February 2014 Newsletter

Monday, February 17, 2014

New Corpora

GALE Arabic-English Parallel Aligned Treebank -- Broadcast News Part 2

King Saud University Arabic Speech Database

NIST 2012 Open Machine Translation (OpenMT) Progress Test Five Language Source

Announcements

Spring 2014 LDC Data Scholarship Recipients
LDC is pleased to announce the student recipients of the Spring 2014 LDC Data Scholarship program!  This program provides university students with access to LDC data at no-cost. Students were asked to complete an application which consisted of a proposal describing their intended use of the data, as well as a letter of support from their thesis adviser. We received many solid applications and have chosen two proposals to support.   The following students will receive no-cost copies of LDC data:

  • Skye Anderson ~ Tulane University (USA), BA candidate, Linguistics.  Skye has been awarded a copy of LDC Standard Arabic Morphological Analyzer (SAMA) Version 3.1 for her work in author profiling.
  • Hao Liu ~ University College London (UK), PhD candidate, Speech, Hearing and Phonetic Sciences.  Hao has been awarded a copy of Switchboard-1 Release 2, and NXT Switchboard Annotations for his work in prosody modeling.

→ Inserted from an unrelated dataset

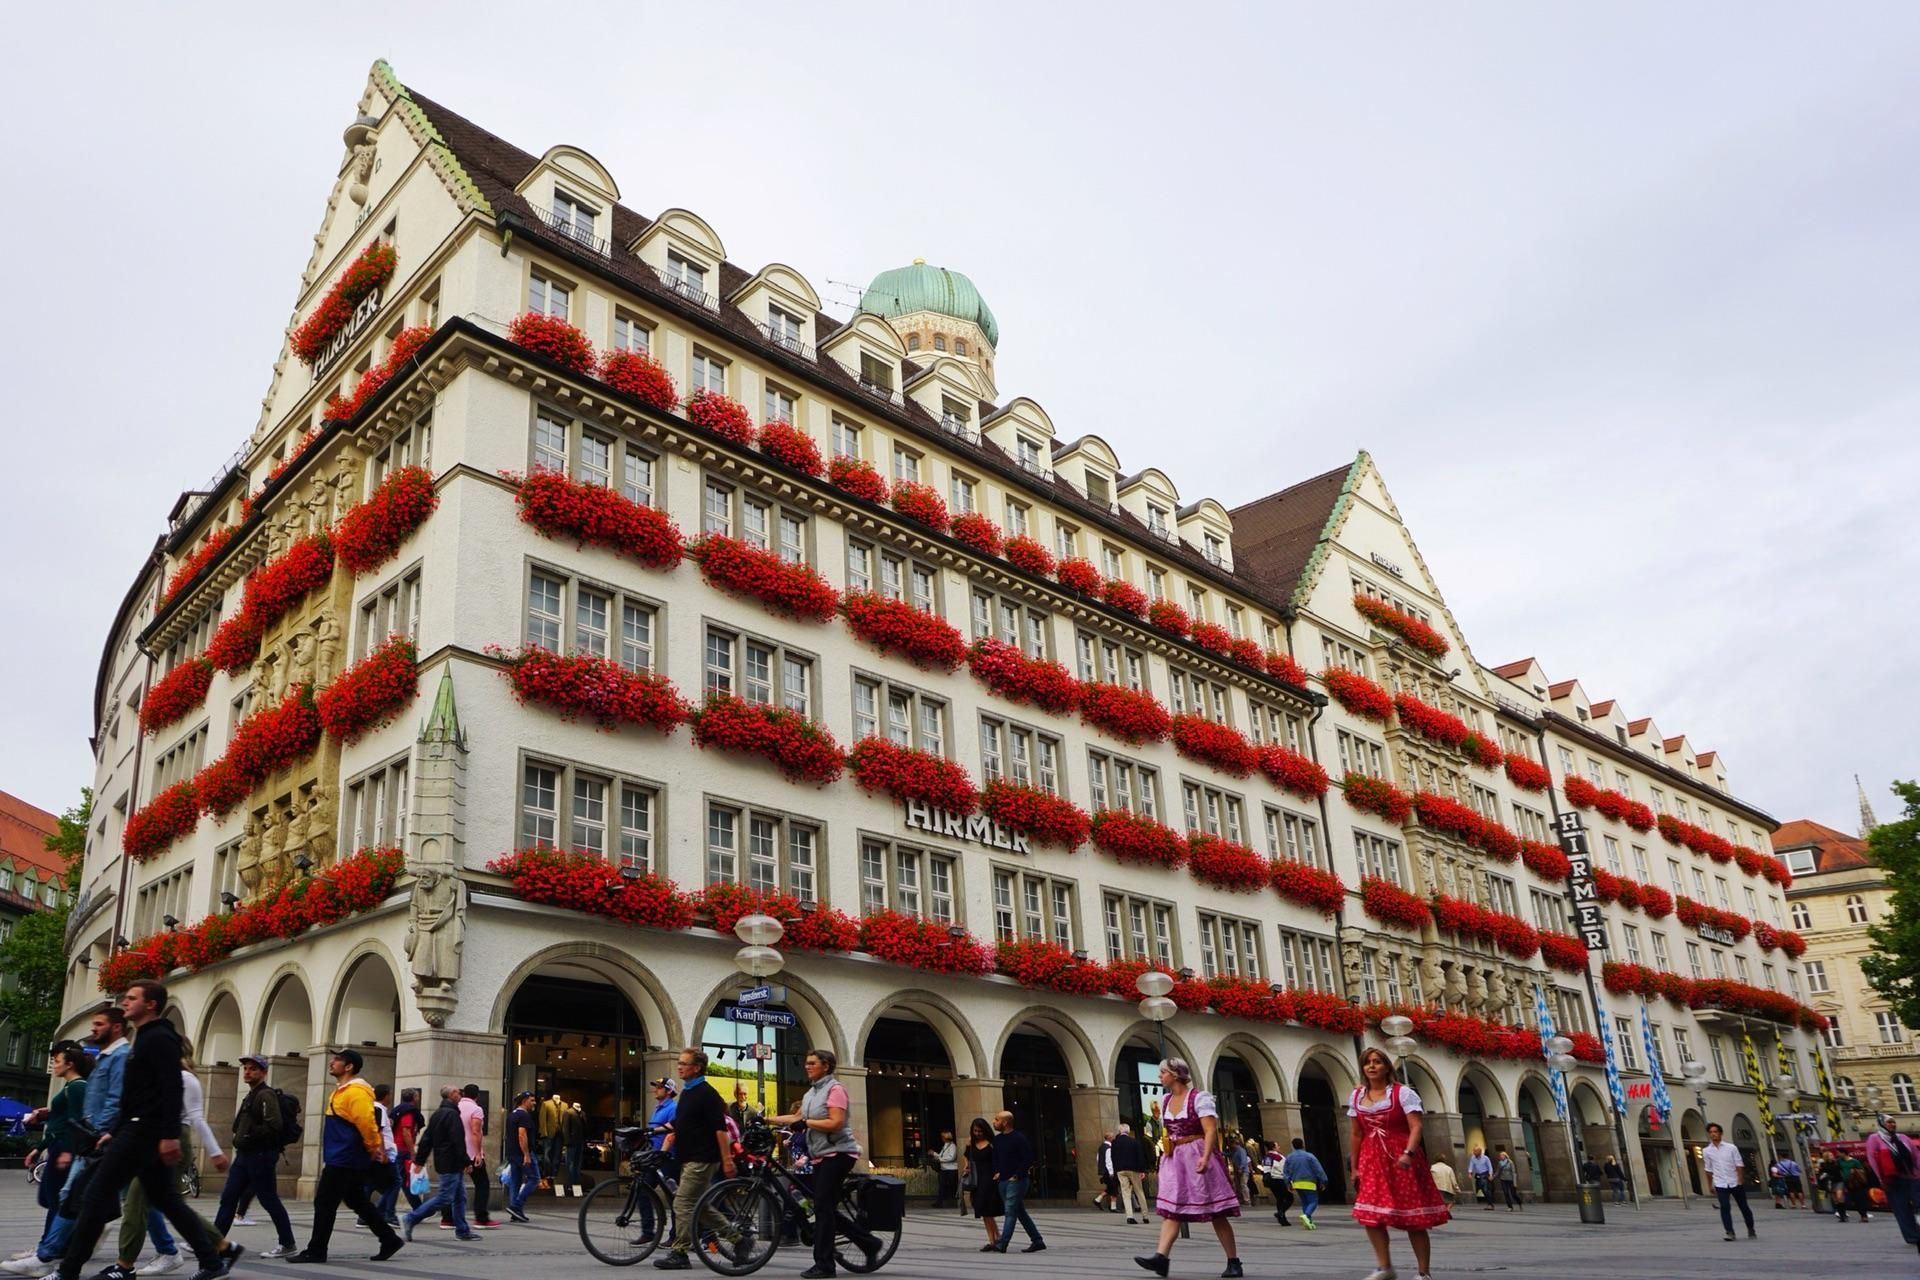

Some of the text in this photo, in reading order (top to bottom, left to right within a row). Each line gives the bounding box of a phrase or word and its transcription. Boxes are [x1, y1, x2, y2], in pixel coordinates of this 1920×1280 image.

Membership Fee Savings and Publications Pipeline
Members can still save on 2014 membership fees, but time is running out. Any organization which joins or renews membership for 2014 through Monday, March 3, 2014, is entitled to a 5% discount. Organizations which held membership for MY2013 can receive a 10% discount on fees provided they renew prior to March 3, 2014.

Planned publications for this year include:

  • 2009 NIST Language Recognition Evaluation ~  development data from VOA broadcast and CTS telephone speech in target and non-target languages.
  • ETS Corpus of Non-Native Written English ~ contains 1100 essays written for a college-entrance test sampled from eight prompts (i.e., topics)  with score levels (low/medium/high) for each essay.
  • GALE data ~ including Word Alignment, Broadcast Speech & Transcripts, Parallel Text, Parallel Aligned Treebanks in Arabic, Chinese, and English.
  • Hispanic Accented English ~ contains approximately 30 hours of spontaneous speech and read utterances from non-native speakers of English with corresponding transcripts.
  • Multi-Channel Wall Street Journal Audio-Visual Corpus (MC-WSJ-AV) ~  re-recording of parts of the WSJCAM0 using a number of microphones as well as three recording conditions resulting in 18-20 channels of audio per recording.
  • TAC KBP Reference Knowledge Base ~  TAC KBP aims to develop and evaluate technologies for building and populating knowledge bases (KBs) about named entities from unstructured text.  KBP systems must either populate an existing reference KB, or else build a KB from scratch. The reference KB for is based on a snapshot of English Wikipedia snapshot from October 2008 and contains a set of entities, each with a canonical name and title for the Wikipedia page, an entity type, an automatically parsed version of the data from the infobox in the entity's Wikipedia article, and a stripped version of the text of the Wiki article.
  • USC-SFI MALACH Interviews and Transcripts Czech ~ developed by The University of Southern California's Shoah Foundation Institute (USC-SFI) and the University of West Bohemia as part of the MALACH (Multilingual Access to Large Spoken ArCHives) Project. It contains approximately 143 hours of interviews from 420 interviewees along with transcripts and other documentation.

New LDC Website Enhancements Coming Soon
Look for LDC’s new website enhancements in the coming weeks. We've revamped our membership services to make it easier than ever for you to manage your membership and access data more quickly.